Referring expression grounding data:
▬▬▬▬▬▬
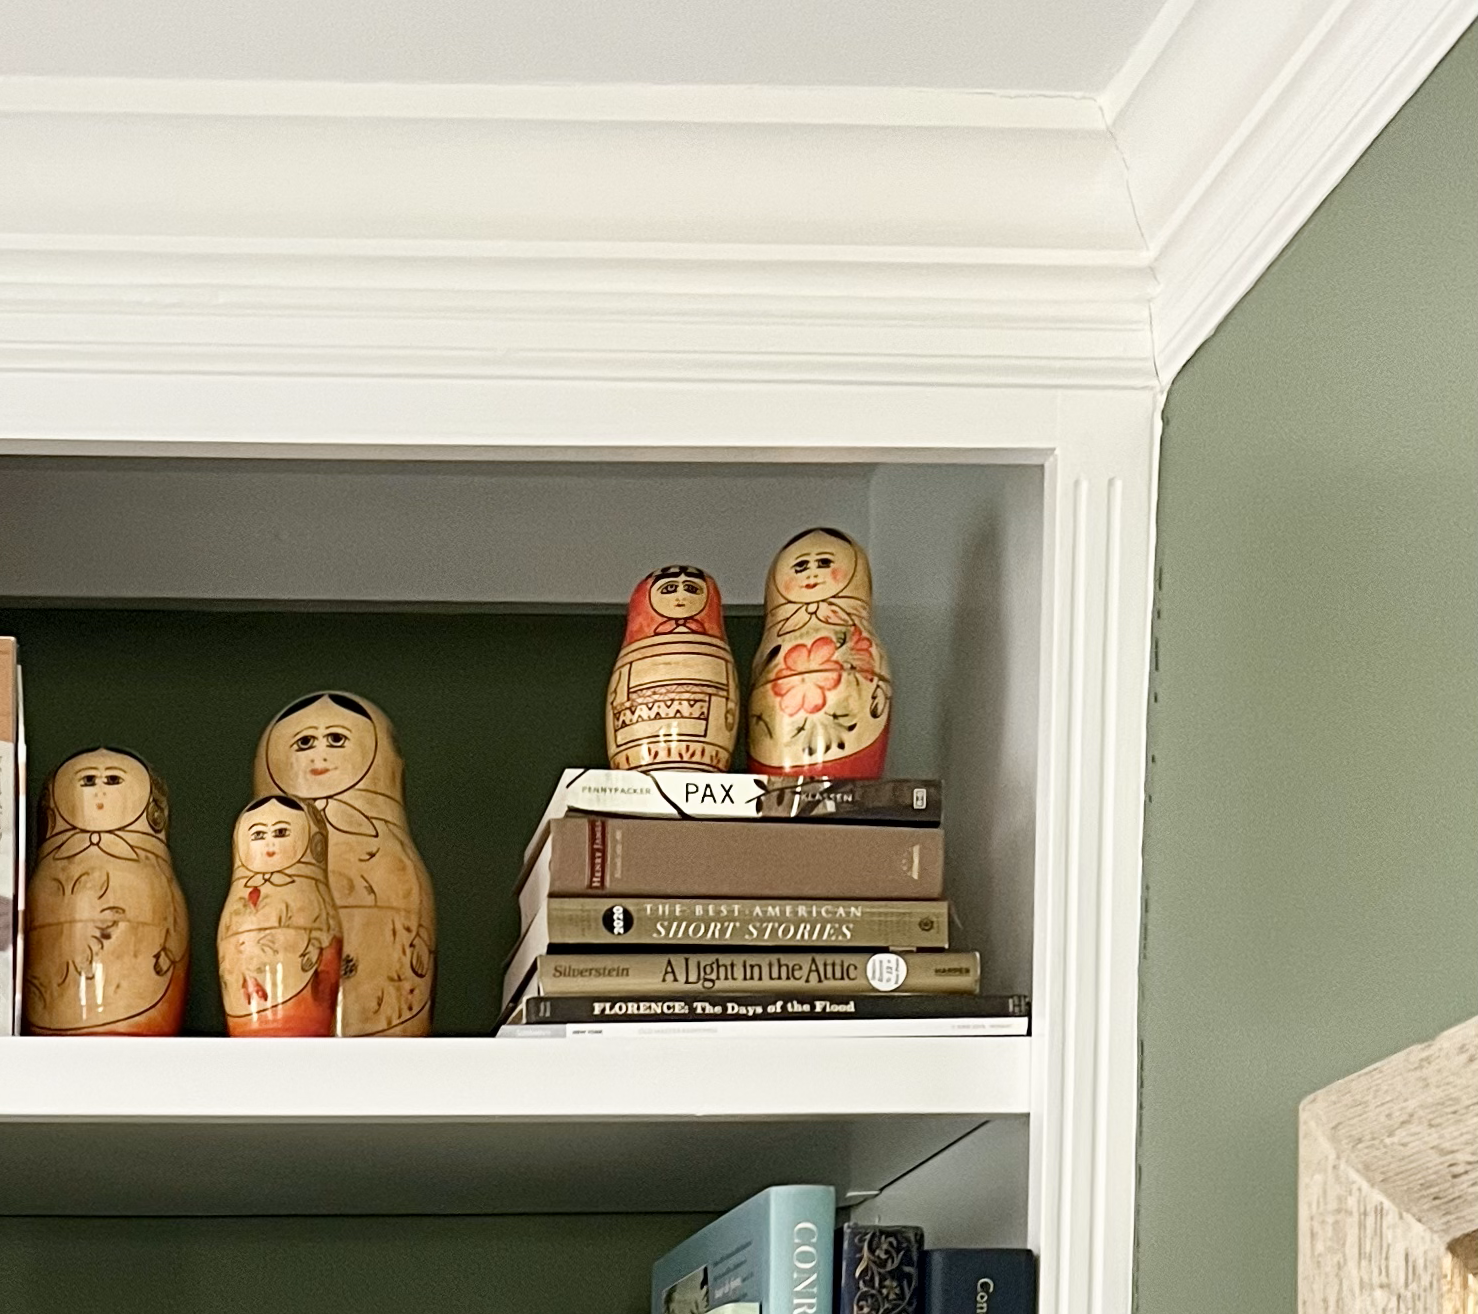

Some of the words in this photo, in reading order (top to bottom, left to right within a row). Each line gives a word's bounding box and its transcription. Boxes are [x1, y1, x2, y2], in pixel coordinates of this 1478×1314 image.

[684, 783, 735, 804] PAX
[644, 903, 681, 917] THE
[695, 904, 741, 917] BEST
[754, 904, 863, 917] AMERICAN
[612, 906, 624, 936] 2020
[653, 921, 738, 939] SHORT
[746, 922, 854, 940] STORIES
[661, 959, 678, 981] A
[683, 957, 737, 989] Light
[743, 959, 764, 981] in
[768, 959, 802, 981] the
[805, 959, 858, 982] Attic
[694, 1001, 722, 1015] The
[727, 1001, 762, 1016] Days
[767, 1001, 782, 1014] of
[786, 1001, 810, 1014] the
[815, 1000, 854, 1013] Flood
▬▬▬▬▬▬
» Task details:
Every entry above should be written out again verbatim, with no pictures included.

» Output of the task:
Some of the words in this photo, in reading order (top to bottom, left to right within a row). Each line gives a word's bounding box and its transcription. Boxes are [x1, y1, x2, y2], in pixel coordinates of this 1478×1314 image.

[684, 783, 735, 804] PAX
[644, 903, 681, 917] THE
[695, 904, 741, 917] BEST
[754, 904, 863, 917] AMERICAN
[612, 906, 624, 936] 2020
[653, 921, 738, 939] SHORT
[746, 922, 854, 940] STORIES
[661, 959, 678, 981] A
[683, 957, 737, 989] Light
[743, 959, 764, 981] in
[768, 959, 802, 981] the
[805, 959, 858, 982] Attic
[694, 1001, 722, 1015] The
[727, 1001, 762, 1016] Days
[767, 1001, 782, 1014] of
[786, 1001, 810, 1014] the
[815, 1000, 854, 1013] Flood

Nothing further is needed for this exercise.